HOW TO COMPLETE THIS TASK. Set out word for word the line that contains "this 1600×1200 image." and each line after it, through the end of the data below, but exclude the pictures.

DATA FOR THIS TASK.
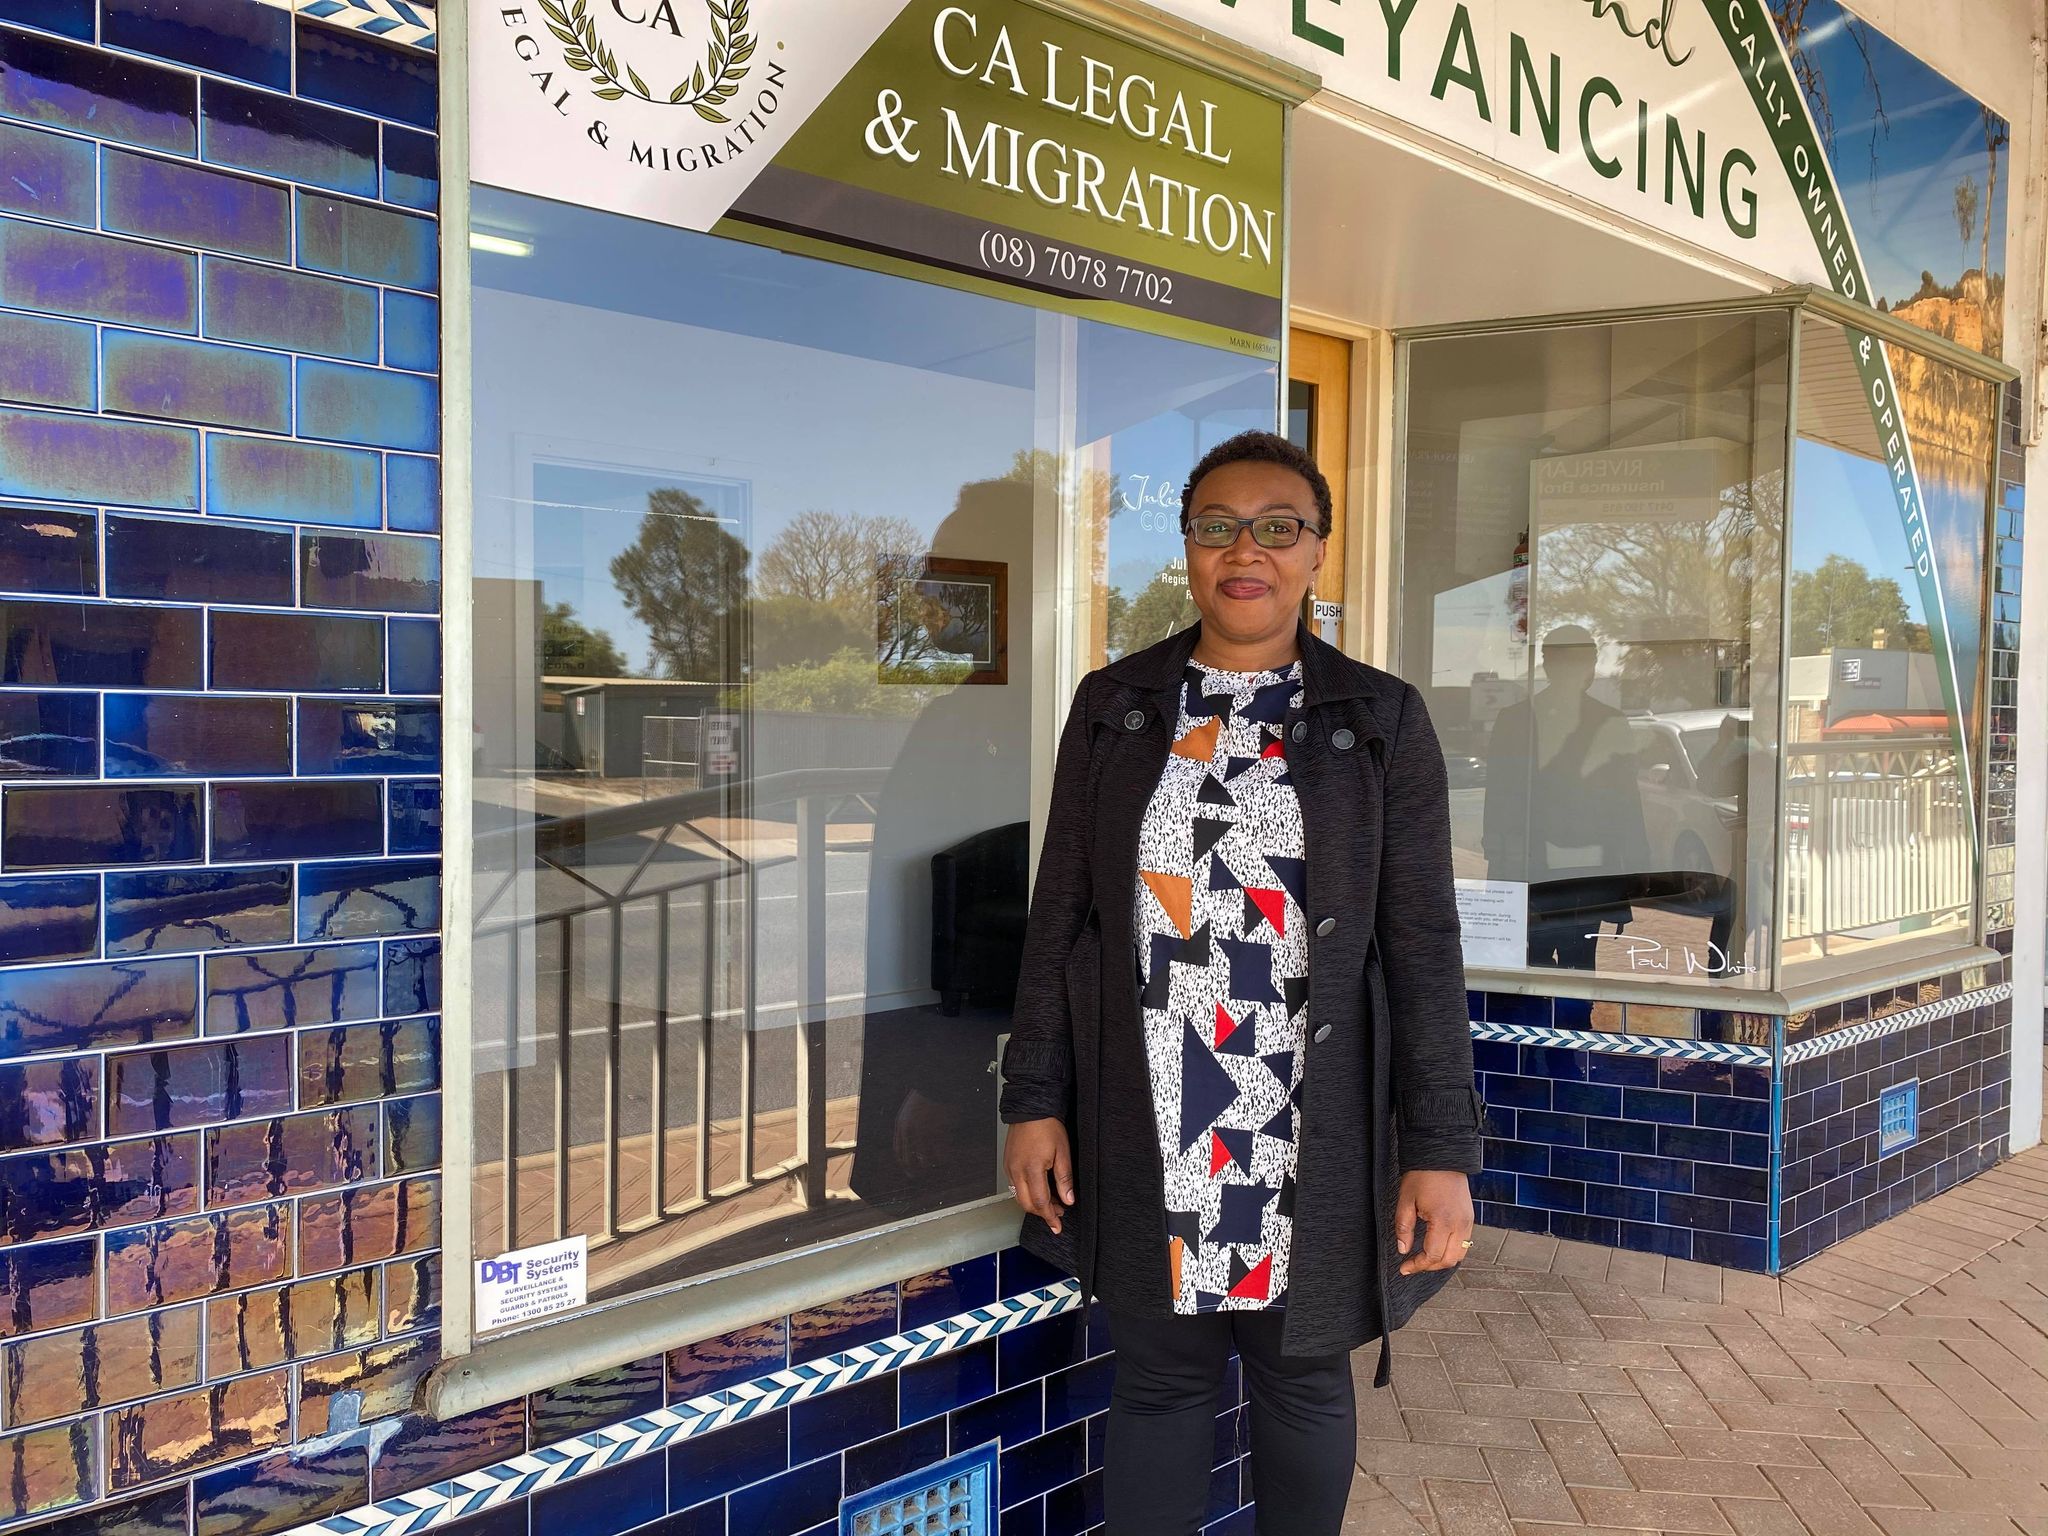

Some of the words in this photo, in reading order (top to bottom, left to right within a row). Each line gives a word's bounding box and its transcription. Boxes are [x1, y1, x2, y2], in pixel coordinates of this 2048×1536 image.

[933, 6, 1029, 97] CA
[1041, 40, 1232, 165] LEGAL
[587, 119, 609, 151] &
[628, 60, 788, 173] MIGRATION
[864, 88, 921, 163] &
[940, 106, 1276, 265] MIGRATION
[979, 229, 1036, 278] (08)
[1044, 246, 1107, 288] 7078
[1115, 265, 1174, 305] 7702
[1229, 335, 1251, 349] MARN
[1793, 144, 1856, 300] OWNED
[1859, 335, 1872, 367] &
[1872, 377, 1930, 578] OPERATED
[1315, 604, 1343, 618] PUSH
[1584, 932, 1671, 972] Paul
[1683, 940, 1757, 975] White
[481, 1260, 523, 1285] DBT
[526, 1249, 580, 1270] Security
[526, 1260, 580, 1281] Systems
[499, 1300, 530, 1314] GUARDS
[538, 1291, 569, 1304] PATROLS
[500, 1291, 536, 1306] SECURITY
[536, 1283, 569, 1296] SYSTEMS
[504, 1277, 557, 1296] SURVEILLANCE
[491, 1312, 520, 1326] Phone:
[521, 1306, 542, 1318] 1300
[543, 1304, 554, 1313] 85
[555, 1301, 565, 1310] 25
[566, 1298, 577, 1307] 27
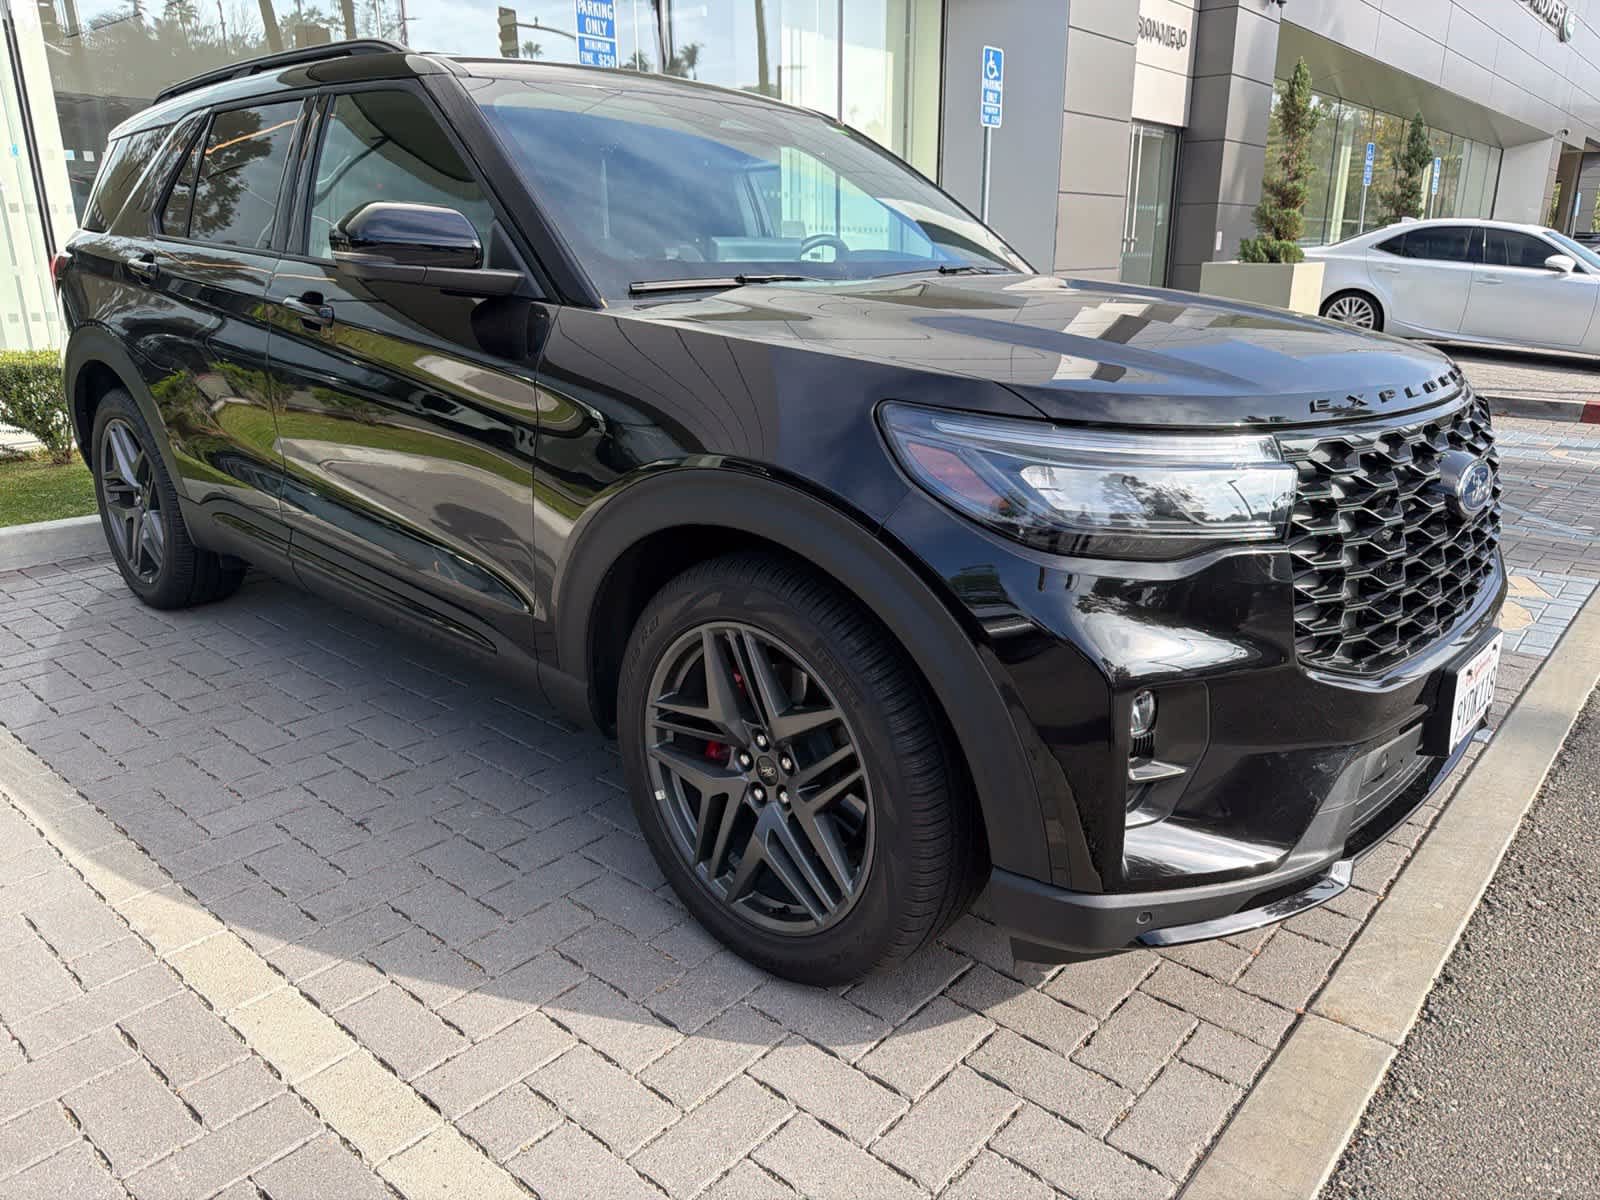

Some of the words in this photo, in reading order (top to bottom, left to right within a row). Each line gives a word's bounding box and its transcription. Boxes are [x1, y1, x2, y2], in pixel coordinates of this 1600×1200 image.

[578, 0, 613, 20] PARKING
[585, 17, 608, 36] ONLY
[1309, 364, 1462, 413] EXPLOR
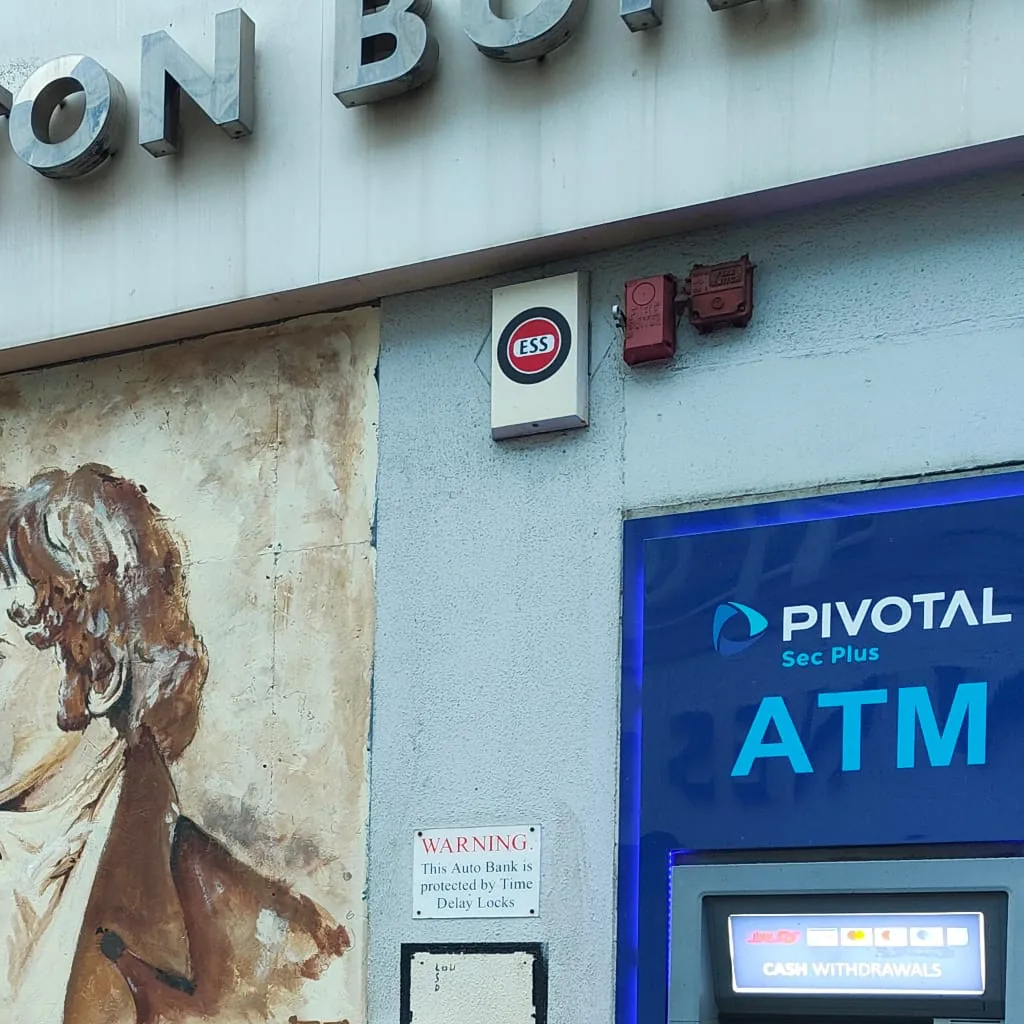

ANSWER TO THIS PROBLEM.
Some of the words in this photo, in reading order (top to bottom, left to right within a row). Each line gives a word's bounding box and its transcription. Boxes are [x1, y1, x2, y2], in pixel coordinates of this 1600×1200 image.

[578, 0, 613, 20] PARKING
[585, 17, 608, 36] ONLY
[1309, 364, 1462, 413] EXPLOR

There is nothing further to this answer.